She pushed open the front door of her house only to find her nine-year-old sister lying in a pool of blood. Sarah knew instantly that the mob had been here. She closed her hand on her mouth to keep in the scream that burned to get free. Tears flooded the poor teenager’s face as her eyes stung horribly. Trembling, she reached out and touched her sister’s usually happy face.
Mary’s eyes were locked in sickening pain. Sarah turned from the frightening sight to wipe her own eyes. She lifted her sister into her arms and brought her outside to clean her. As she washed away the blood, she noticed that she had been stabbed several times in the stomach. Bruises and scrapes covered the poor girl, back and front.
After Sarah had cleansed her sister of her death liquid, she brought her back into the house to prepare her for burial. She had expected this to happen; yet she never wanted it. Sarah wrapped Mary in her favorite lavender dress. It had long sleeves, so Mary would be toasty warm in the ground. Mary loved the white carnation design of the dress. It had three flowers on the front and two on each sleeve. It was lovely. Mary always wore it to special occasions and Sarah knew that this was definitely one of those occasions.
The teenager sighed deeply as she recalled her mother sitting in her favorite red rocker. She had rocked back and forth for eight hours in sowing that dress for Mary. Sarah had one like it; only it was green with red roses on it. Sarah wiped more tears that had slipped down her face as she remembered her mother and father, who had died before this happened.
Sarah suddenly came back into focus. She was carrying her sister, like she loved to do when Mary was just a little baby, into the backyard to bury her, alongside her parents. Now, she cradled the child lovingly. Mary was always considered small for her age.
In the backyard, Sarah had dug a hole and was now placing her sister into it, covering her own sanity that had died long ago. She covered Mary with earth and said her last goodbyes and then, after the last dirt was placed with adoration, she swore eternal revenge on Mary’s killers, the mad townspeople she had once called her friends were now her harsh and hated enemies.
After muttering the ruthless words, Sarah walked back to the house. She moved about, occasionally picking up a possession that belonged to each family member. She picked up a sharp but smooth tool that had been used by her father, who had been a carpenter, a lovely sky blue shawl that her mother had worn all the time, even in the summer time when she went out to the market, a doll that had been Mary’s favorite.
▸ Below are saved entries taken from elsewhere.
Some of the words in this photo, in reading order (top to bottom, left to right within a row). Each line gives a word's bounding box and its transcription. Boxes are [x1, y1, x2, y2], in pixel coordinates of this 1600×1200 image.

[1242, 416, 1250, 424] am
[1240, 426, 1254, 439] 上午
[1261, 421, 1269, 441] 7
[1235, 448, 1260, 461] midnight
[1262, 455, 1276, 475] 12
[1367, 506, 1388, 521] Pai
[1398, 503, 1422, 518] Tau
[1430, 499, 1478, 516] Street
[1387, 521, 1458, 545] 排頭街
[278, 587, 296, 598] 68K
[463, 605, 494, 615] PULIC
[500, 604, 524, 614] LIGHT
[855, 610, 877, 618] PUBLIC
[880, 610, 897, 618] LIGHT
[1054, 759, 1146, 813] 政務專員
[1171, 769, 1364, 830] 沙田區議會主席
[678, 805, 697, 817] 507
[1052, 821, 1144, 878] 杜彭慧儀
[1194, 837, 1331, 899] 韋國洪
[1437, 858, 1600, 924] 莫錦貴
She had played with the blonde haired doll so much that its hair was now very short and almost falling out. It was after she set down the doll, still dressed in its black and white maid outfit, as it was when Mary got it for her seventh birthday, that a mixed set of feelings overpowered Sarah.
Several minutes passed, but time was neither noted nor important. In a few minutes, tables were split and turned upside down. Chairs were broken in half and stepped on with passionate anger. Smaller objects didn’t have a chance of being spared as they were flung in pure frustration across the room. Some landed with a smack on the wall, then, in pieces, slipped to the floor. The poor girl who lost everything collapsed to her knees. She screamed at the top of her lungs. “Why?” Tears kept coming and she wouldn’t, or couldn’t stop them.
Then, she calmed down. And suddenly, her bright blue eyes turned dull gray. They had one concept that was pierced into them: revenge. It was as if she was possessed and had lost all control of herself. Whatever it was that controlled her led her to the kitchen. It used her long and thin fingers to open the knife drawer and select the smallest but sharpest one in it. She stood lifelessly for a moment, examining the weapon.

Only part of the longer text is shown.